自然免疫による皮膚のバリア機能

アトピー自然免疫バリアアトピー性皮膚炎の原因は、「アレルギー」と「皮膚のバリア機能の低下」の2つです。

この「バリア機能」は、角質層のセラミド(細胞間脂質)によってアレルゲンや外部刺激の進入を防ぐ、物理的なバリアのことを指しています。

しかし、実は皮膚にはもう一つのバリア機能があります。

それは、「自然免疫によるバリア」です。


自然免疫は植物、動物に限らず、どんな生物も遺伝的に持っている機能です。

自然免疫は、「TLR」とアミノ酸からなる「抗菌ペプチド」という物質が担っています。

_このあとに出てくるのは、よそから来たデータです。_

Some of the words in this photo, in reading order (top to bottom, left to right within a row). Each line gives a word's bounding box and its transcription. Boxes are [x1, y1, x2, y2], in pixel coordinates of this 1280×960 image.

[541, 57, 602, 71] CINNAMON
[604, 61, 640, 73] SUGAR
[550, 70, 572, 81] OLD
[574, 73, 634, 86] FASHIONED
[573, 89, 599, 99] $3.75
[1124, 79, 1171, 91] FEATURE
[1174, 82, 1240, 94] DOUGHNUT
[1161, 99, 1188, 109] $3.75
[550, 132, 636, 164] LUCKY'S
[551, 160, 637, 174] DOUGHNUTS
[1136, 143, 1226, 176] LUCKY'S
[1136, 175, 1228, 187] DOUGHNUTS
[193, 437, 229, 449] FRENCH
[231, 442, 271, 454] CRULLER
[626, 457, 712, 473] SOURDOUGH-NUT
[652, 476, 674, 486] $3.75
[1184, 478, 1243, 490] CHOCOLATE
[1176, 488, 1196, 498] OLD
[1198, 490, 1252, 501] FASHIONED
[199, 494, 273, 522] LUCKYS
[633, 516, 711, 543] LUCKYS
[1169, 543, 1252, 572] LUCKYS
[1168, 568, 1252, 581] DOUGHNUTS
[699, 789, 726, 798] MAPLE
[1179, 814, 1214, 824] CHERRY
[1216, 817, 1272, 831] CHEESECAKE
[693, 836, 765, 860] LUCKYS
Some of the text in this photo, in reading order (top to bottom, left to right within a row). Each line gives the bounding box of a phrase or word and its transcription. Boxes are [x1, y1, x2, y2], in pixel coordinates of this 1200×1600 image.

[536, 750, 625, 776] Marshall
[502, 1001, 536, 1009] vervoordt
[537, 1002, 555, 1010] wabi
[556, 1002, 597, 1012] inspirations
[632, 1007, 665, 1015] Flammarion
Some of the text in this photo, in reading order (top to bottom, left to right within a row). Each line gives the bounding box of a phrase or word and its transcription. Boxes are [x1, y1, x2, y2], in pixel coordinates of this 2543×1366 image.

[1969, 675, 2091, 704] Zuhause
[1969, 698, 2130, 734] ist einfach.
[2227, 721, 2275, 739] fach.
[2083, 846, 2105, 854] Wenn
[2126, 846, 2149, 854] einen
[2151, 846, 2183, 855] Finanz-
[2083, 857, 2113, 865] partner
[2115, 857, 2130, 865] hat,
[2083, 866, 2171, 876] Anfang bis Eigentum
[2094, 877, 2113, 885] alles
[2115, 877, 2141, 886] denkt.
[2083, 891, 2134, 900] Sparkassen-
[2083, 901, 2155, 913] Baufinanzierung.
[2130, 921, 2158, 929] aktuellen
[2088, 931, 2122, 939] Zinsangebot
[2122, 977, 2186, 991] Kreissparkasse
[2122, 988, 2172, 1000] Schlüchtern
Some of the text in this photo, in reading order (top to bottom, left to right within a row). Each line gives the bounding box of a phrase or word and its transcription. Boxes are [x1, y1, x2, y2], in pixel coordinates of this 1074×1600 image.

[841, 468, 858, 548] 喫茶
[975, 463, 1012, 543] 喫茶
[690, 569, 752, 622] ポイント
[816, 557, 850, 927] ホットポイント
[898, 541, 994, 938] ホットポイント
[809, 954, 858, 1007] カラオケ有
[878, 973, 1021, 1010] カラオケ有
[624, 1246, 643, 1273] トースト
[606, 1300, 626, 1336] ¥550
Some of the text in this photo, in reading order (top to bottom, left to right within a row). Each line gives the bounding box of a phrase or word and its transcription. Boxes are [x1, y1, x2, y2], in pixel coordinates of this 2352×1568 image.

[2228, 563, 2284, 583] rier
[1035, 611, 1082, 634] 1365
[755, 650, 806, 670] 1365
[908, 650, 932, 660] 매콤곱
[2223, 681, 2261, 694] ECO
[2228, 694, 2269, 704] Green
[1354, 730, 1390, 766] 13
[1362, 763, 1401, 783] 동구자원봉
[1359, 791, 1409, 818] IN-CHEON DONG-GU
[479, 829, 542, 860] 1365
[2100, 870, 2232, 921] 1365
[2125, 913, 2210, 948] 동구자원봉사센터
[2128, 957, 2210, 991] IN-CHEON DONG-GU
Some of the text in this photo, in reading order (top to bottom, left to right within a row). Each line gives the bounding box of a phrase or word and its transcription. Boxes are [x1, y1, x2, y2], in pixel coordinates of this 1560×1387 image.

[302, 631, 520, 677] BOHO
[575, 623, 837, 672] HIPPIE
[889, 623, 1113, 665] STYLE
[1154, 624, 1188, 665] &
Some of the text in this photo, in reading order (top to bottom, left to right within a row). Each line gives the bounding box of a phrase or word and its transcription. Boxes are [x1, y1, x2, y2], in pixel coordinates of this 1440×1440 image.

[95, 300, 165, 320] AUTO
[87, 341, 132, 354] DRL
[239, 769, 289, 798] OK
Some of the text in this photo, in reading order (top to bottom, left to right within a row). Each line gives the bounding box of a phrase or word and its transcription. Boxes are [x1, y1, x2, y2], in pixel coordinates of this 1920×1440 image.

具体的には、まず、皮膚に接触した病原菌をTLRが判別し、抗菌ペプチドが菌に入り込み、殺します。

抗菌ペプチドは、アトピーの炎症とかゆみの原因の一つである、「黄色ブドウ球菌」もやっつけます。

通常皮膚に炎症が起き、病原菌が繁殖すると、自然免疫によって、菌をやっつけようとします。

しかし、アトピーの肌は、表皮の角化異常によって、抗菌ペプチドの量が低下しているため、病原菌が繁殖してしまいます。


また、汗をかいて皮膚の塩分が高くなると、抗菌ペプチドの力が弱まるとも言われています。

そのため、アトピーの肌のスキンケアは、汗をかいたらできるだけ早く洗い流し、抗菌作用のある保湿剤などを使うことが、もう一つのバリア機能を補うためにも大切だと考えます。